Da queste considerazioni consegue che per verificare l’ipotesi dell’inflazione da profitti occorre utilizzare non il MOL in assoluto ma un indicatore del mark-up, come ad esempio il rapporto MOL/Costo unitario di produzione (CUP). Glover et al. (“How much have record corporate profits contributed to recent inflation?”, 2023) trovano che negli Stati Uniti il contributo alla dinamica dei prezzi finali dell’aumento dei mark-up così definito è stato del 50% nel 2021, ma è diminuito nel 2022. Va notato, tuttavia, che l’indicatore utilizzato da questi autori è aggregato e quindi non coglie le diverse dinamiche settoriali che, come si è visto, possono generare inflazione complessiva. L’indicatore usato dalla BCE nel suo Bollettino Economico di marzo 2023 e nel citato intervento di Panetta è invece il rapporto MOL/Valore aggiunto (VA), che però non coglie esattamente il punto suddetto perché indica se e quanto la dinamica costi-prezzi ha modificato la quota del profitto d’impresa rispetto al reddito del lavoro sul totale del valore aggiunto. L’aumento del MOL/VA non deve stupire visto che come ben noto i redditi da lavoro stanno crescendo meno dei prezzi, mentre le imprese sono in grado di “proteggere” il MOL trasferendo l’aumento dei costi sui prezzi. A quanto ci consta, il tema dell’inflazione da profitti e, in particolare, degli aumenti dei margini in Europa non sollecita molta ricerca né riceve attenzione da quelle forze politiche (specialmente di sinistra) da cui sarebbe forse naturale aspettarsela.
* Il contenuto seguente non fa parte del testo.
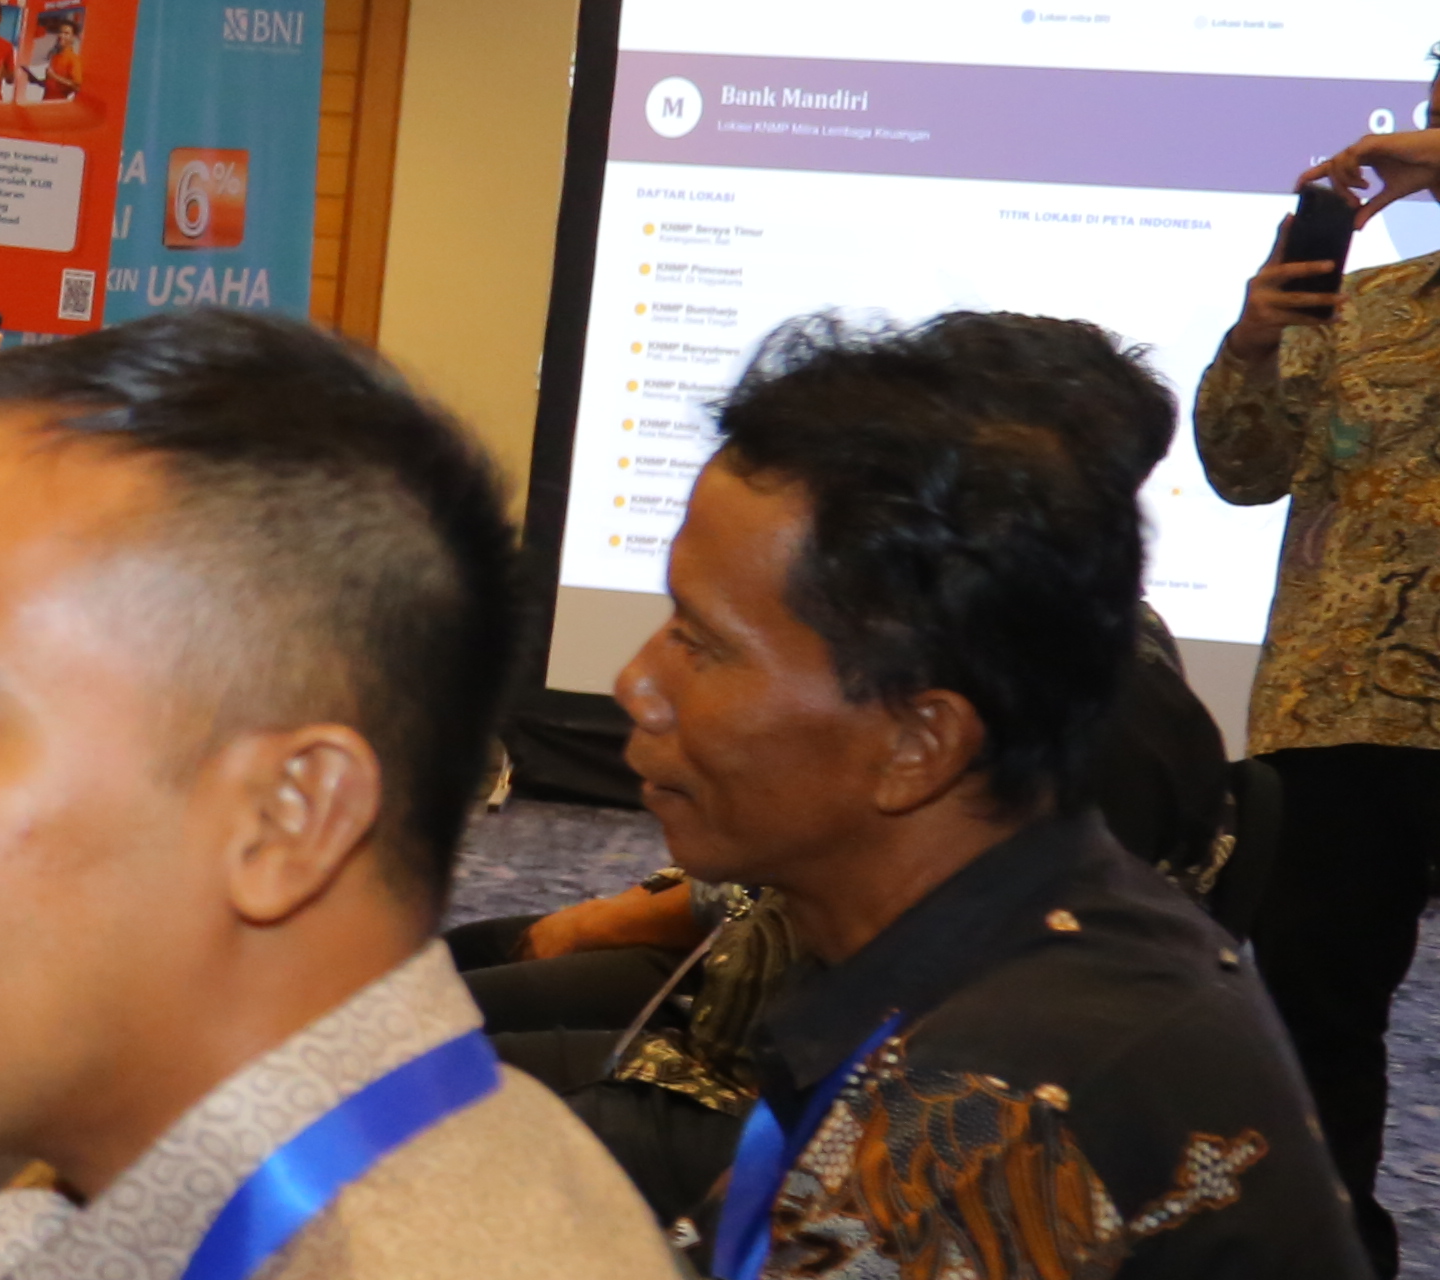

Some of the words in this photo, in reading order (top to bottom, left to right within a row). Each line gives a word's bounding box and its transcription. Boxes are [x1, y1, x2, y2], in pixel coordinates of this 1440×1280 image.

[253, 9, 304, 45] BNI
[662, 96, 685, 119] M
[720, 85, 777, 108] Bank
[782, 87, 869, 111] Mandiri
[117, 150, 147, 184] A
[636, 186, 686, 201] DAFTAR
[689, 190, 736, 203] LOKASI
[999, 209, 1030, 221] TITIK
[1035, 211, 1082, 224] LOKASI
[1086, 214, 1099, 225] DI
[1103, 215, 1135, 226] PETA
[1139, 217, 1212, 230] INDONESIA
[147, 266, 270, 308] USAHA
Se, però, l’inflazione che stiamo vivendo ha le caratteristiche sopra tratteggiate appare molto difficile riportarla sotto controllo solo con gli aumenti del tasso di interesse. Questi operano attraverso la riduzione della domanda aggregata, quindi creando disoccupazione o facendo crescere meno l’occupazione. Aumentare i tassi è fondamentale per abbassare le aspettative di inflazione, drenare la liquidità in eccesso e, quindi, contrastare eventuali eccessi di domanda aggregata. Ma quando l’inflazione è, in misura significativa, dovuta a squilibri settoriali e potere di mercato (quindi nasce dal lato dell’offerta), se, per riportare l’inflazione al livello desiderato, ci si affida solo all’aumento dei tassi il costo in termini di produzione e occupazione perduta sale a livelli troppo elevati.
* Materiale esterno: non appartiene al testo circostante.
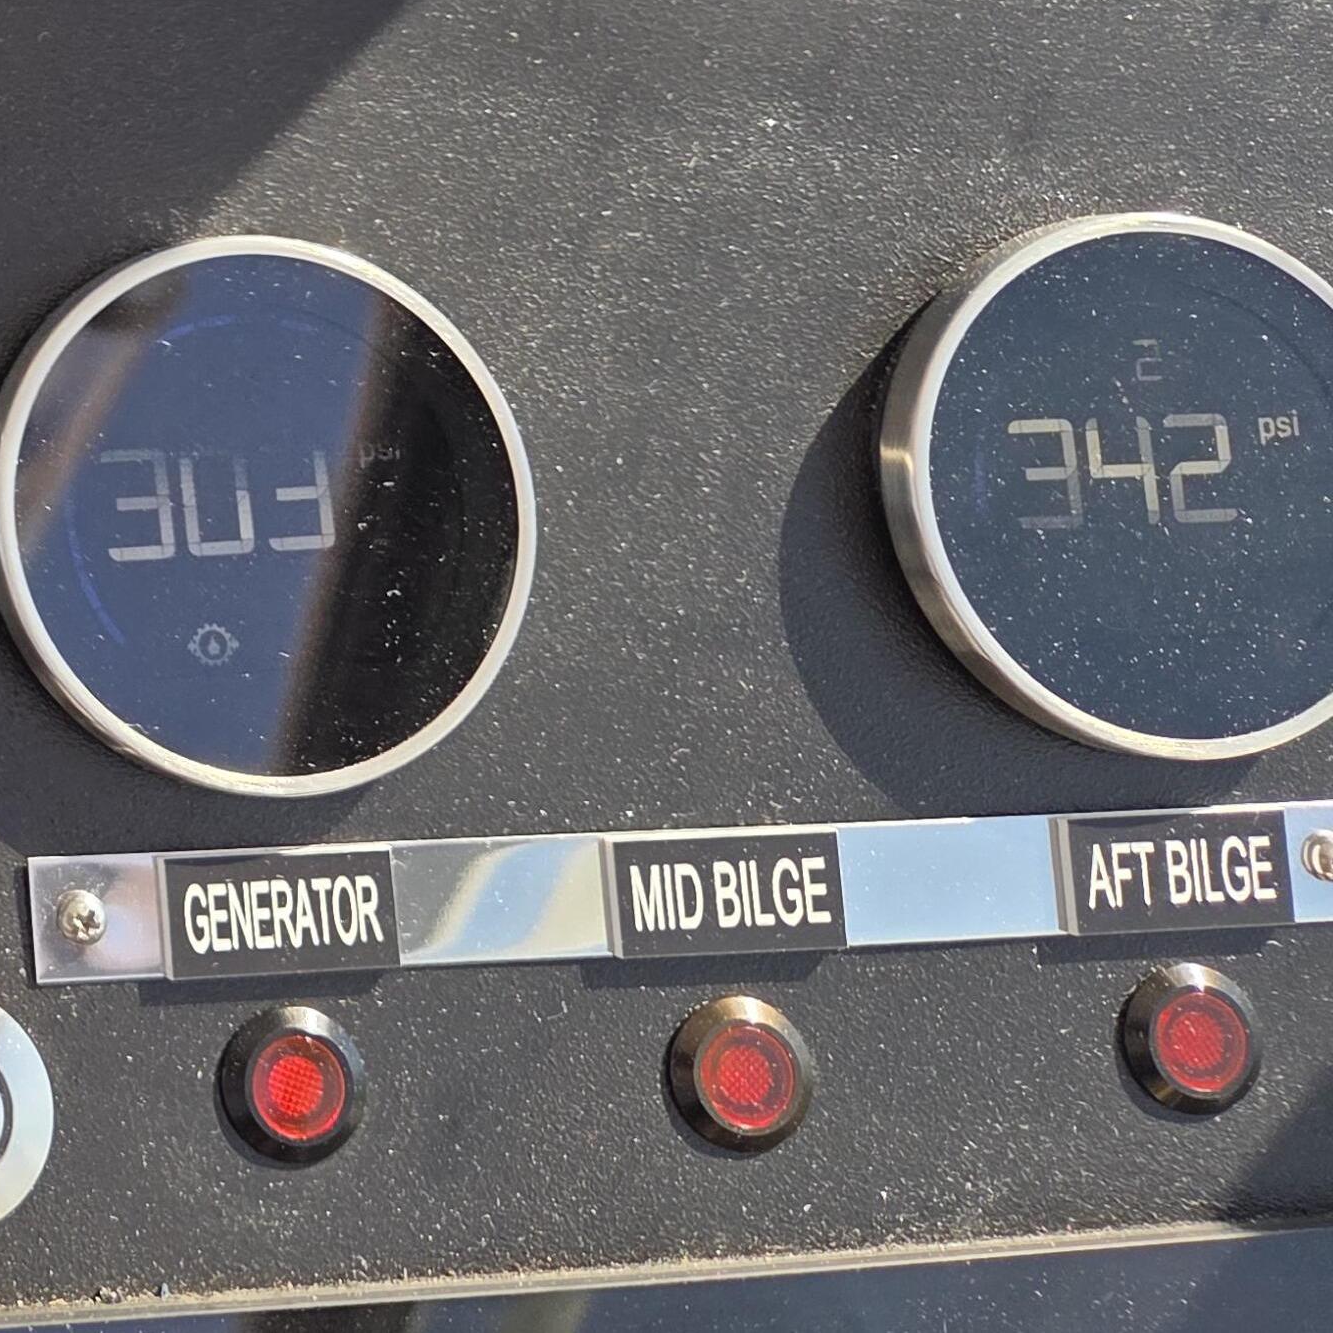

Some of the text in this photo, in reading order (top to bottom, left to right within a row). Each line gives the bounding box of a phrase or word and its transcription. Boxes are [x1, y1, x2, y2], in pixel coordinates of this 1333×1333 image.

[1007, 410, 1301, 529] 342 psi
[629, 856, 831, 932] MID BILGE
[1087, 834, 1277, 909] AFT BILGE
[183, 873, 384, 955] GENERATOR
Si è molto parlato di tassazione dei profitti straordinari dei produttori di energia. Ciò può servire a finanziare gli sconti per i consumatori più in difficoltà e può quindi contribuire a una politica con effetti equitativi non disprezzabili, ma non riduce la pressione inflazionistica. Si richiede invece un accordo tra tutti i soggetti che già oggi spingono l’inflazione (le imprese con i loro margini crescenti, i governi con l’Iva e la regolazione) o che potrebbero cominciare a spingerla per recuperare il potere d’acquisto perduto (sindacati e lavoratori). Dunque, una politica dei redditi ma non solo per tenere a freno l’inflazione salariale (oggi, in Europa, ancora inferiore a quella generale). Si richiede un accordo multilaterale, in cui le imprese si impegnino a tenere fermi o meglio ridurre i margini e i governi, da un lato, accrescano l’efficacia delle politiche pro-concorrenziali (in particolare rafforzando i poteri delle autorità antitrust), riformando la regolazione di alcuni settori, specie se permette troppo generosi passthrough dei costi e dall’altro prevedano aliquote Iva inversamente correlate ai costi di produzione nei settori dell’energia, dei carburanti e dei prodotti alimentari. Si tratta di ripensare (in maniera innovativa) a quanto suggerito da Richard Kahn e ripreso già trenta anni fa da Ignazio Visco e Fabrizio Barca con riferimento all’Italia, nonché all’intuizione di Ezio Tarantelli, secondo cui una politica dei redditi generalizzata contribuisce ad abbassare le aspettative di inflazione e coadiuva la politica monetaria.